3.2.3. String Interaction Networks among Al-induced Significantly Changed Proteins

STRING was used to understand the direct and indirect interactions of the Al-induced significantly changed proteins. With this program, we used the corresponding homologous proteins from A. thaliana database to predict protein interaction networks [24]. STRING analysis of significantly changed proteins supports the existence of multiple protein-protein interaction networks. Below are a few of the selected networks that might influence Al stress responses in switchgrass roots.
(a)
STRING pathway analysis of the Segment 1 (the apical 1-cm root tip tissues) root tip proteins
An interaction network of proteins involved in the assembly of translation machinery was predicted. It was comprised of 11 proteins that cluster together; the three others form a separate branch (supplementary material 3: Figures S2 and S3).
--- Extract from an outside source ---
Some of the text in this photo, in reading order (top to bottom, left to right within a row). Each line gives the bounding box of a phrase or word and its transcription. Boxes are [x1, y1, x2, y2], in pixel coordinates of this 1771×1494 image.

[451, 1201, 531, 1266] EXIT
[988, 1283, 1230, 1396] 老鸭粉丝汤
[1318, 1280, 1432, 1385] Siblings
The second network contained proteins related to the RNA-splicing mechanism (supplementary material 3: Figure S4); these proteins are involved in RNA capping and RNA alternative splicing. Several transcription factors (TFs) such as basic-leucine zipper (bZIP) TF family protein, nuclear factor Y (NFY), and C2H2-like zinc finger protein were also predicted to form a network. Similarly, a C2H2-type TF [which is sensitive to proton rhizotoxicity (STOP) 1 gene] and homologs were found to play a key role in overcoming the rhizotoxicity from Al and proton (H+) (low pH) in A. thaliana and wheat (Triticum aestivum) [26,27].
A network of proteins involved in protein folding was identified in the STRING analysis (supplementary material 3: Figure S5). This network was composed of chaperones and heat shock proteins that were at a higher abundance level compared to the non-treated control group. Another network of proteins that was formed in response to this stress consisted of dehydrins, peroxidases, and other stress proteins (supplementary material 3: Figure S6).
(b)
STRING analysis of significantly changed proteins in the Segment 2 (root elongation/maturation zones) root proteins
Phenylpropanoid pathway is important for the production of secondary metabolites such as lignin, phenolic acids, and flavonoids [28]. The enrichment of this pathway concurs with the secondary cell wall development of cells in the elongation and maturation zones. Metabolites in this pathway are involved in antioxidant activities, which confer tolerance to plants exposed to toxic metals [29]. A network of phenylpropanoid pathway was observed in the STRING analysis (supplementary material 3: Figure S7a). These proteins were down-regulated.
Energy deficiency is a general indicator of most types of stress in plants. Plants exposed to Al treatment showed inhibited activities in mitochondrial proteins due to the restriction of respiration, ATP depletion, and reactive oxygen species production [30]. Several significantly changed proteins formed a string network of energy metabolism (supplementary material 3: Figure S7b). These proteins include glyceraldehyde 3-phosphate dehydrogenase-A subunit 2, acyl-CoA-binding protein 6, adenylate kinase 1, and ATPase.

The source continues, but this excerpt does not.